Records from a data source
━━━━━━━━

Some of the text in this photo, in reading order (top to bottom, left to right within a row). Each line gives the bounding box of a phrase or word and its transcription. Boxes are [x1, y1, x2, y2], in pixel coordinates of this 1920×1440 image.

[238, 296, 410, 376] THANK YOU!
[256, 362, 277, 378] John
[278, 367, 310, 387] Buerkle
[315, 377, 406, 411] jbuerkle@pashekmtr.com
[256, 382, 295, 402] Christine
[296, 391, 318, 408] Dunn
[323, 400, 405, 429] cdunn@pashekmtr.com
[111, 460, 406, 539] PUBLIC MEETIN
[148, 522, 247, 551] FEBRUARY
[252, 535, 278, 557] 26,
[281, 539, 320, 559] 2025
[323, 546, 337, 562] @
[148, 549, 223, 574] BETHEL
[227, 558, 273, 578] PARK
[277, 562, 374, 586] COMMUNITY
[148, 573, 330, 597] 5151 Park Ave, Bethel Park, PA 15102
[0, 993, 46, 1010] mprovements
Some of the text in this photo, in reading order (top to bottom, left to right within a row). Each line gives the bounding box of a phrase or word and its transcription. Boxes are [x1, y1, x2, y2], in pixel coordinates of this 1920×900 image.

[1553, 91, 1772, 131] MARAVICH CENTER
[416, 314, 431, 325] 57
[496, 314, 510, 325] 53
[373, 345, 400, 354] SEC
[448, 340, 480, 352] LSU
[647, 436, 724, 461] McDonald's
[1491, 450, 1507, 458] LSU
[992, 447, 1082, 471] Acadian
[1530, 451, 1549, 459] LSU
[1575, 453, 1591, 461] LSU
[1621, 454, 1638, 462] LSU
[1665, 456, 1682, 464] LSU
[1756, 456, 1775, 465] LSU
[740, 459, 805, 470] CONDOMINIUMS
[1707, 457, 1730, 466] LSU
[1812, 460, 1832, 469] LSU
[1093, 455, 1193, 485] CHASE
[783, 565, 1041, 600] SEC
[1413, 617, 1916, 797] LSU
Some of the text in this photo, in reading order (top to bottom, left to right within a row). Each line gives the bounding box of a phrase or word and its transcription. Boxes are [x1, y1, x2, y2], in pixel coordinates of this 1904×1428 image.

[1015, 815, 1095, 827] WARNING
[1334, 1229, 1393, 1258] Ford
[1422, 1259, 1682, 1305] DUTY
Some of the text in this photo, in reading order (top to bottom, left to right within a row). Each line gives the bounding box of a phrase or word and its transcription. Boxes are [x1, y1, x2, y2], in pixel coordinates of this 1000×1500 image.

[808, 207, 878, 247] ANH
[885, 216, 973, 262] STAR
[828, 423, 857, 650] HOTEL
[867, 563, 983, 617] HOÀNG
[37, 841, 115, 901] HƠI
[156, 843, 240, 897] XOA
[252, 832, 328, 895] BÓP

━━━━━━━━

Without any alteration, repeat each entry shown above.

* RESPONSE
Some of the text in this photo, in reading order (top to bottom, left to right within a row). Each line gives the bounding box of a phrase or word and its transcription. Boxes are [x1, y1, x2, y2], in pixel coordinates of this 1920×1440 image.

[238, 296, 410, 376] THANK YOU!
[256, 362, 277, 378] John
[278, 367, 310, 387] Buerkle
[315, 377, 406, 411] jbuerkle@pashekmtr.com
[256, 382, 295, 402] Christine
[296, 391, 318, 408] Dunn
[323, 400, 405, 429] cdunn@pashekmtr.com
[111, 460, 406, 539] PUBLIC MEETIN
[148, 522, 247, 551] FEBRUARY
[252, 535, 278, 557] 26,
[281, 539, 320, 559] 2025
[323, 546, 337, 562] @
[148, 549, 223, 574] BETHEL
[227, 558, 273, 578] PARK
[277, 562, 374, 586] COMMUNITY
[148, 573, 330, 597] 5151 Park Ave, Bethel Park, PA 15102
[0, 993, 46, 1010] mprovements
Some of the text in this photo, in reading order (top to bottom, left to right within a row). Each line gives the bounding box of a phrase or word and its transcription. Boxes are [x1, y1, x2, y2], in pixel coordinates of this 1920×900 image.

[1553, 91, 1772, 131] MARAVICH CENTER
[416, 314, 431, 325] 57
[496, 314, 510, 325] 53
[373, 345, 400, 354] SEC
[448, 340, 480, 352] LSU
[647, 436, 724, 461] McDonald's
[1491, 450, 1507, 458] LSU
[992, 447, 1082, 471] Acadian
[1530, 451, 1549, 459] LSU
[1575, 453, 1591, 461] LSU
[1621, 454, 1638, 462] LSU
[1665, 456, 1682, 464] LSU
[1756, 456, 1775, 465] LSU
[740, 459, 805, 470] CONDOMINIUMS
[1707, 457, 1730, 466] LSU
[1812, 460, 1832, 469] LSU
[1093, 455, 1193, 485] CHASE
[783, 565, 1041, 600] SEC
[1413, 617, 1916, 797] LSU
Some of the text in this photo, in reading order (top to bottom, left to right within a row). Each line gives the bounding box of a phrase or word and its transcription. Boxes are [x1, y1, x2, y2], in pixel coordinates of this 1904×1428 image.

[1015, 815, 1095, 827] WARNING
[1334, 1229, 1393, 1258] Ford
[1422, 1259, 1682, 1305] DUTY
Some of the text in this photo, in reading order (top to bottom, left to right within a row). Each line gives the bounding box of a phrase or word and its transcription. Boxes are [x1, y1, x2, y2], in pixel coordinates of this 1000×1500 image.

[808, 207, 878, 247] ANH
[885, 216, 973, 262] STAR
[828, 423, 857, 650] HOTEL
[867, 563, 983, 617] HOÀNG
[37, 841, 115, 901] HƠI
[156, 843, 240, 897] XOA
[252, 832, 328, 895] BÓP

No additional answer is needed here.